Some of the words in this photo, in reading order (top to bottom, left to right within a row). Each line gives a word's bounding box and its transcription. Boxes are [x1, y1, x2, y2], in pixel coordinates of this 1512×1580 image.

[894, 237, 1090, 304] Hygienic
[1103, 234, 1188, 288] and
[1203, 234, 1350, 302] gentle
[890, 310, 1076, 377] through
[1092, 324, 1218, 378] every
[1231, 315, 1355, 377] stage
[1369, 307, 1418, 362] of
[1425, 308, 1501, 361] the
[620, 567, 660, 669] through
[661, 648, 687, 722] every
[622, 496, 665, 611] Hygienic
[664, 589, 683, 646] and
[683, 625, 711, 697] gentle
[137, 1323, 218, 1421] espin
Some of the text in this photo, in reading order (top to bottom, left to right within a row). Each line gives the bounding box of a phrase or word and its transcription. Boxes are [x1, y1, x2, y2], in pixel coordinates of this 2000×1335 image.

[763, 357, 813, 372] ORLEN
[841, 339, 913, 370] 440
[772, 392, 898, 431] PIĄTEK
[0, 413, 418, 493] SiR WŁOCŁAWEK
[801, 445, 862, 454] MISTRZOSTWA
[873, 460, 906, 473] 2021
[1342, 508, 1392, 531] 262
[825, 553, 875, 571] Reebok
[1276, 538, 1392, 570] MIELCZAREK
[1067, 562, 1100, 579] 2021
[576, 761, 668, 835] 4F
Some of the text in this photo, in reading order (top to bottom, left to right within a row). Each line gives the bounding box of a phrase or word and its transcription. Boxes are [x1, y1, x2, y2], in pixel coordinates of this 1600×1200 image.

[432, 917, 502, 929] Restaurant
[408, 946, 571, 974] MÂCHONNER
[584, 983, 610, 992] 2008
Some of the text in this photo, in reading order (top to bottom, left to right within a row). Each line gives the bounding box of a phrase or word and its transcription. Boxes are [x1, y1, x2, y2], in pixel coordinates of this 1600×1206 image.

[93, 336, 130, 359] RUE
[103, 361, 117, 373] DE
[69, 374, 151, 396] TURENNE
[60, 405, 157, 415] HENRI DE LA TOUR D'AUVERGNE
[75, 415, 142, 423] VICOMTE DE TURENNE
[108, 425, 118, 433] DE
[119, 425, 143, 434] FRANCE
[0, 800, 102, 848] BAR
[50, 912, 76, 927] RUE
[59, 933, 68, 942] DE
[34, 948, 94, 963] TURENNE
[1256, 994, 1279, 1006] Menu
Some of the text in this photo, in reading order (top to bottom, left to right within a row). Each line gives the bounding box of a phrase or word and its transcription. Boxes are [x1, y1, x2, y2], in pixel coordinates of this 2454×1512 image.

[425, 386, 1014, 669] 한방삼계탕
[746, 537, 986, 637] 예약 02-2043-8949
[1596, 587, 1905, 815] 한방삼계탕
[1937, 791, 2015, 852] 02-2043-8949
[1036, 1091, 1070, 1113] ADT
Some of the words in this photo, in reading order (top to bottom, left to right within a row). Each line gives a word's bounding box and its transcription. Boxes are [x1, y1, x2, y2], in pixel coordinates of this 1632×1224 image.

AIM OF THE EXERCISE -> Your task is to reproduce exactly the lines that begin at the line containing "this 2000×1335 image." and end at the final line of the data above.

EXERCISE RESPONSE ->
Some of the text in this photo, in reading order (top to bottom, left to right within a row). Each line gives the bounding box of a phrase or word and its transcription. Boxes are [x1, y1, x2, y2], in pixel coordinates of this 2000×1335 image.

[763, 357, 813, 372] ORLEN
[841, 339, 913, 370] 440
[772, 392, 898, 431] PIĄTEK
[0, 413, 418, 493] SiR WŁOCŁAWEK
[801, 445, 862, 454] MISTRZOSTWA
[873, 460, 906, 473] 2021
[1342, 508, 1392, 531] 262
[825, 553, 875, 571] Reebok
[1276, 538, 1392, 570] MIELCZAREK
[1067, 562, 1100, 579] 2021
[576, 761, 668, 835] 4F
Some of the text in this photo, in reading order (top to bottom, left to right within a row). Each line gives the bounding box of a phrase or word and its transcription. Boxes are [x1, y1, x2, y2], in pixel coordinates of this 1600×1200 image.

[432, 917, 502, 929] Restaurant
[408, 946, 571, 974] MÂCHONNER
[584, 983, 610, 992] 2008
Some of the text in this photo, in reading order (top to bottom, left to right within a row). Each line gives the bounding box of a phrase or word and its transcription. Boxes are [x1, y1, x2, y2], in pixel coordinates of this 1600×1206 image.

[93, 336, 130, 359] RUE
[103, 361, 117, 373] DE
[69, 374, 151, 396] TURENNE
[60, 405, 157, 415] HENRI DE LA TOUR D'AUVERGNE
[75, 415, 142, 423] VICOMTE DE TURENNE
[108, 425, 118, 433] DE
[119, 425, 143, 434] FRANCE
[0, 800, 102, 848] BAR
[50, 912, 76, 927] RUE
[59, 933, 68, 942] DE
[34, 948, 94, 963] TURENNE
[1256, 994, 1279, 1006] Menu
Some of the text in this photo, in reading order (top to bottom, left to right within a row). Each line gives the bounding box of a phrase or word and its transcription. Boxes are [x1, y1, x2, y2], in pixel coordinates of this 2454×1512 image.

[425, 386, 1014, 669] 한방삼계탕
[746, 537, 986, 637] 예약 02-2043-8949
[1596, 587, 1905, 815] 한방삼계탕
[1937, 791, 2015, 852] 02-2043-8949
[1036, 1091, 1070, 1113] ADT
Some of the words in this photo, in reading order (top to bottom, left to right within a row). Each line gives a word's bounding box and its transcription. Boxes are [x1, y1, x2, y2], in pixel coordinates of this 1632×1224 image.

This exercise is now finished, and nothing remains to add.